Prompt:
Return the records exactly as they stand, and keep the pictures out of the copy.

§ §

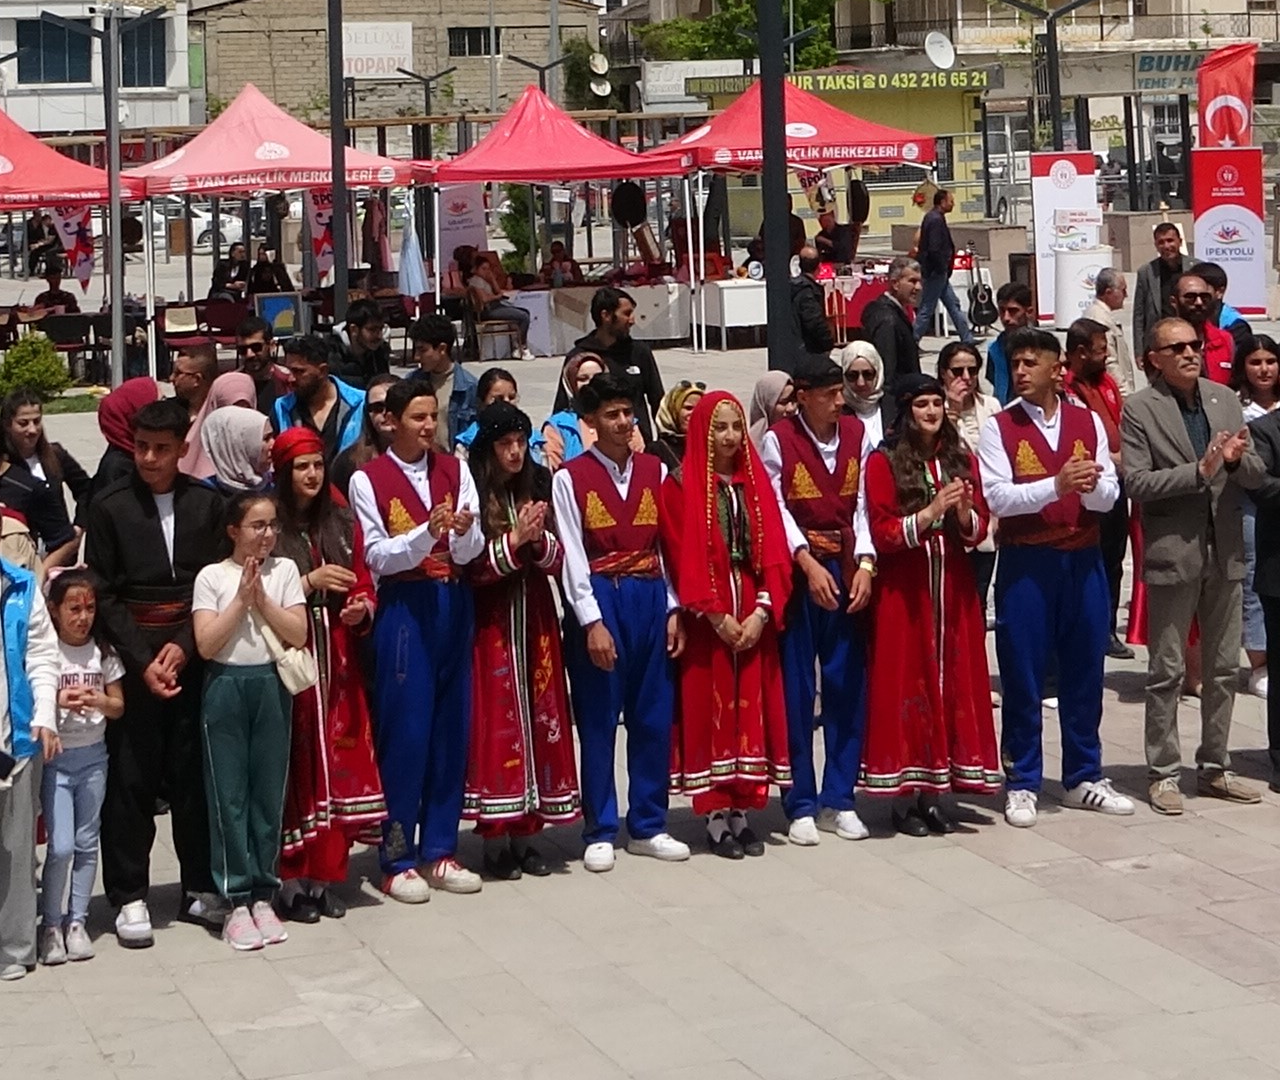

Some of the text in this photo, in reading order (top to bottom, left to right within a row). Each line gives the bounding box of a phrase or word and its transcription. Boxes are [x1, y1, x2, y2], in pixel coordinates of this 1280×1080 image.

[344, 56, 407, 74] TOPARK
[878, 74, 887, 88] 0
[891, 73, 918, 88] 432
[921, 73, 947, 88] 216
[950, 72, 968, 86] 65
[971, 71, 988, 86] 21
[738, 143, 898, 161] VAN NÇLİK MERKEZLERİ
[195, 167, 373, 189] VAN GENÇLİK MERKLERİ
[312, 193, 333, 206] SPO
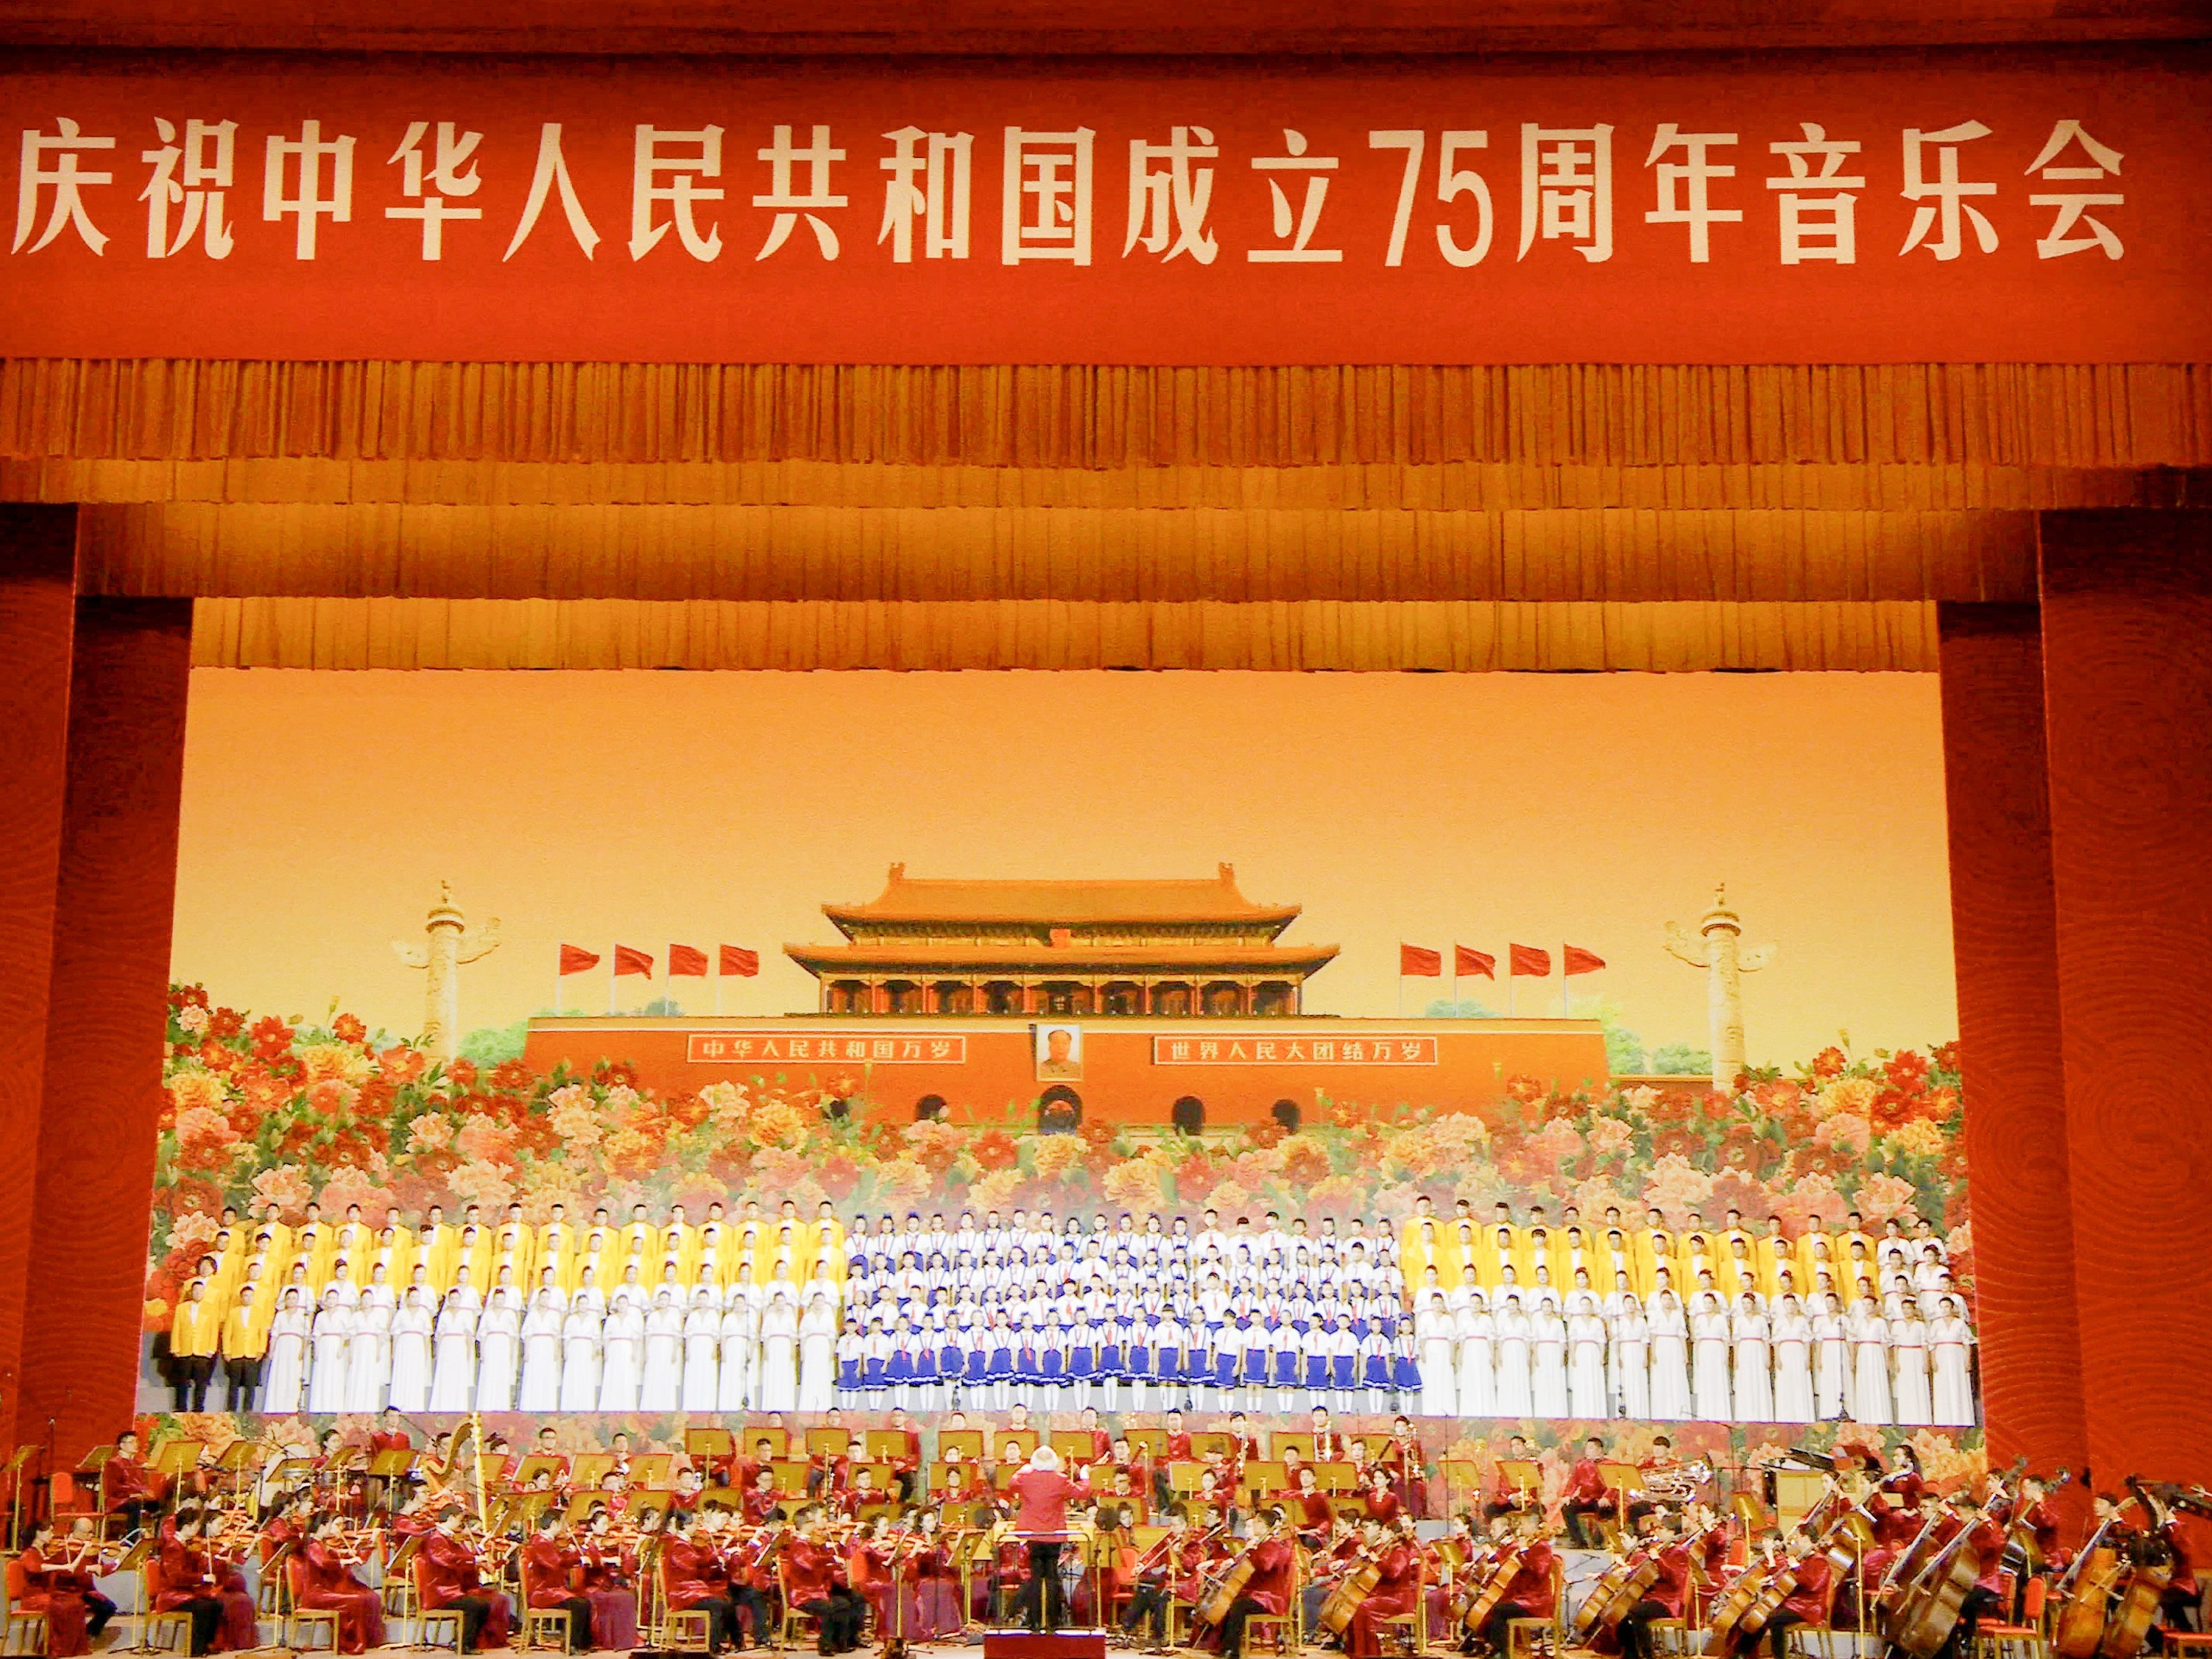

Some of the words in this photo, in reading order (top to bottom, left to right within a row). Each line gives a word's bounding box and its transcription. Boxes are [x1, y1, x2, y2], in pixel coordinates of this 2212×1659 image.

[10, 116, 2125, 267] 庆祝中华人民共和国成立75周年音乐会
[703, 1039, 951, 1058] 中华人民共和国万岁
[1171, 1041, 1422, 1061] 世界人民大团结万岁
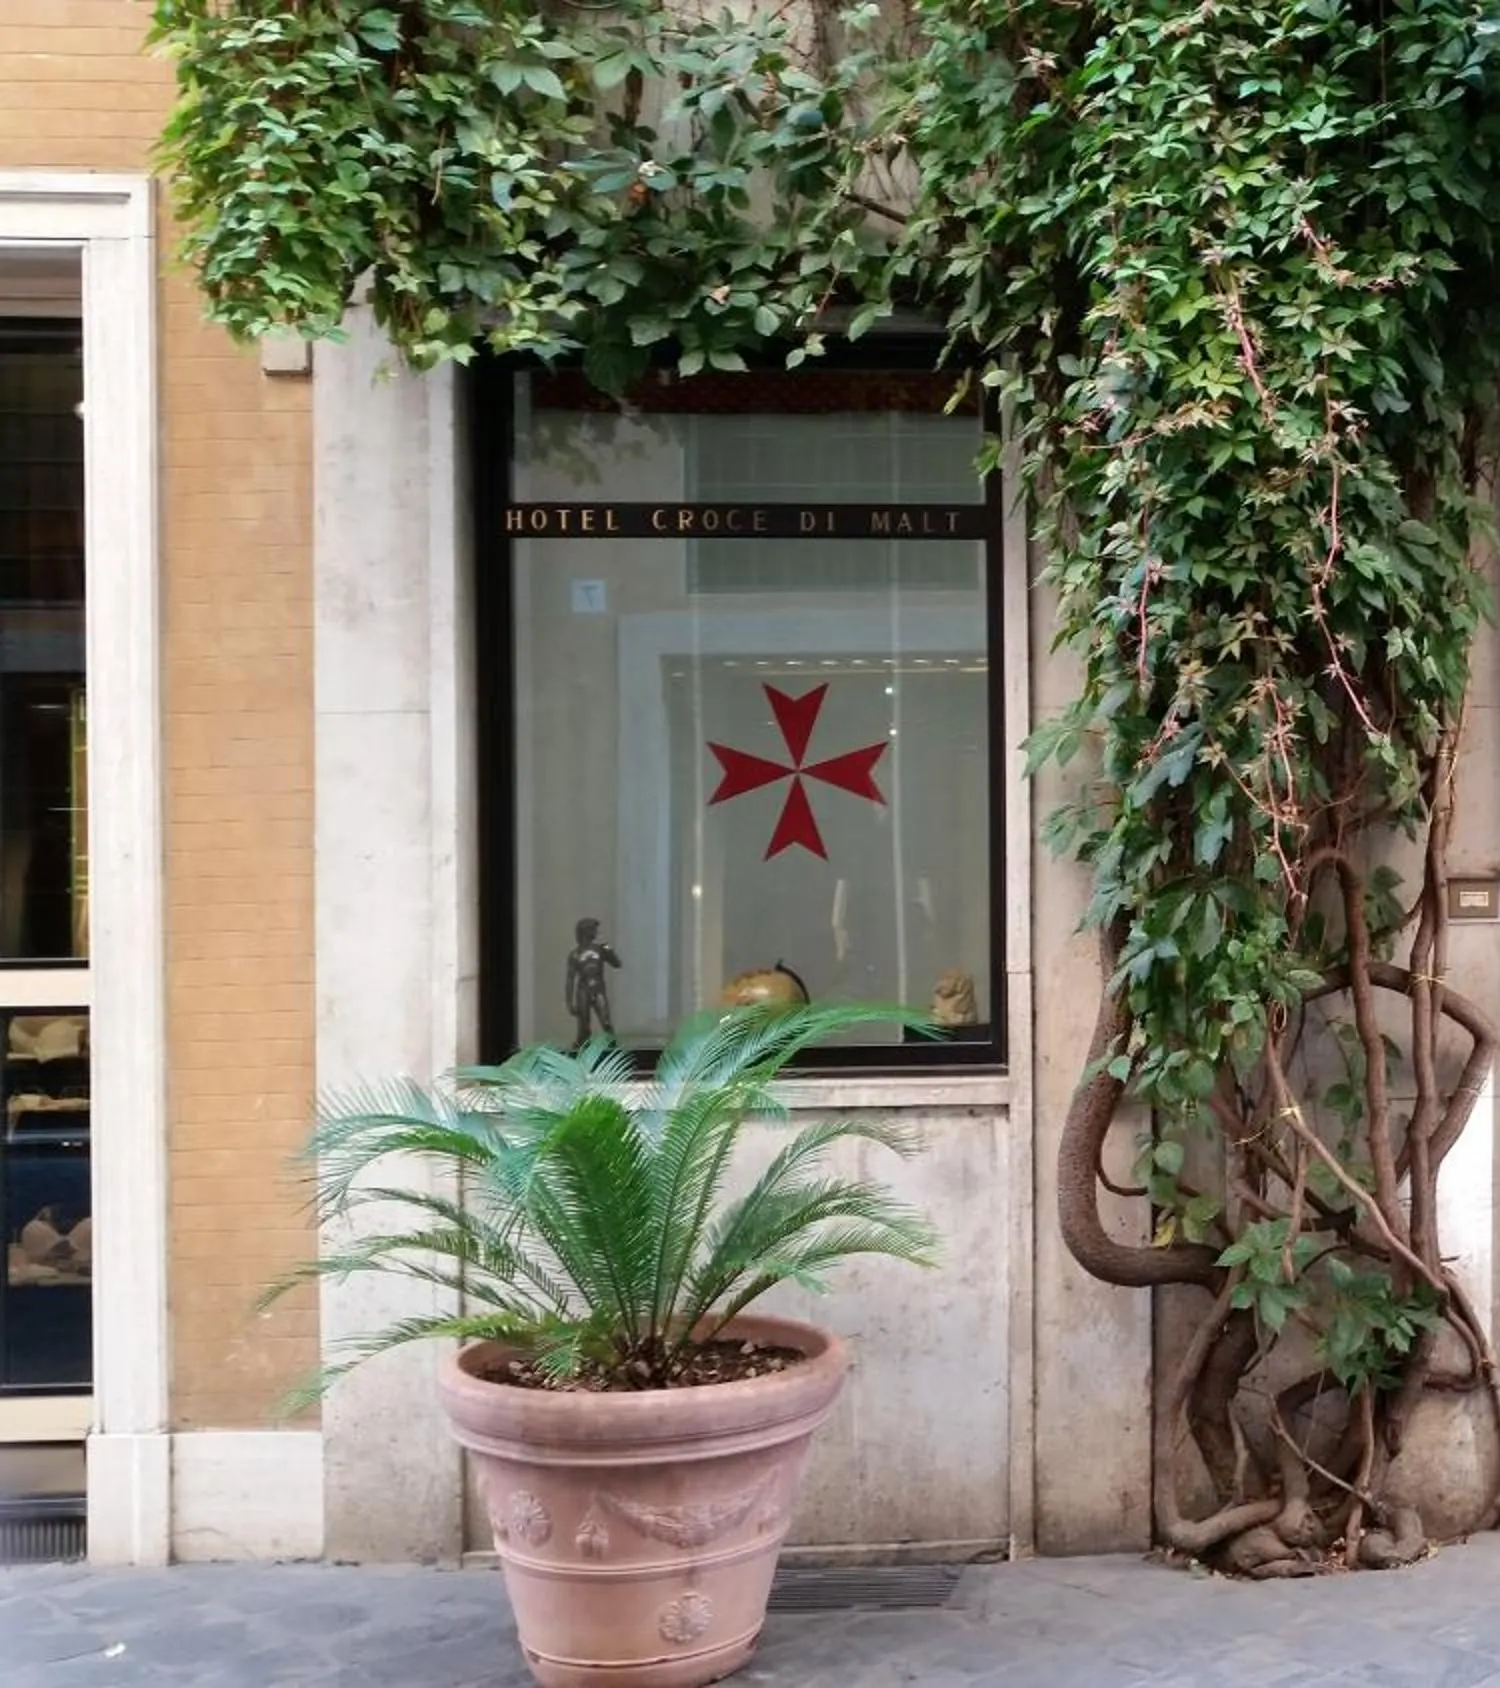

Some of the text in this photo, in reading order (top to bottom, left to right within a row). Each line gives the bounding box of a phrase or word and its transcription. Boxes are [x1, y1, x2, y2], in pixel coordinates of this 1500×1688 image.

[505, 509, 620, 532] HOTEL
[651, 509, 769, 532] CROCE
[800, 510, 835, 532] DI

§ §

Solution:
Some of the text in this photo, in reading order (top to bottom, left to right within a row). Each line gives the bounding box of a phrase or word and its transcription. Boxes are [x1, y1, x2, y2], in pixel coordinates of this 1280×1080 image.

[344, 56, 407, 74] TOPARK
[878, 74, 887, 88] 0
[891, 73, 918, 88] 432
[921, 73, 947, 88] 216
[950, 72, 968, 86] 65
[971, 71, 988, 86] 21
[738, 143, 898, 161] VAN NÇLİK MERKEZLERİ
[195, 167, 373, 189] VAN GENÇLİK MERKLERİ
[312, 193, 333, 206] SPO

Some of the words in this photo, in reading order (top to bottom, left to right within a row). Each line gives a word's bounding box and its transcription. Boxes are [x1, y1, x2, y2], in pixel coordinates of this 2212×1659 image.

[10, 116, 2125, 267] 庆祝中华人民共和国成立75周年音乐会
[703, 1039, 951, 1058] 中华人民共和国万岁
[1171, 1041, 1422, 1061] 世界人民大团结万岁

Some of the text in this photo, in reading order (top to bottom, left to right within a row). Each line gives the bounding box of a phrase or word and its transcription. Boxes are [x1, y1, x2, y2], in pixel coordinates of this 1500×1688 image.

[505, 509, 620, 532] HOTEL
[651, 509, 769, 532] CROCE
[800, 510, 835, 532] DI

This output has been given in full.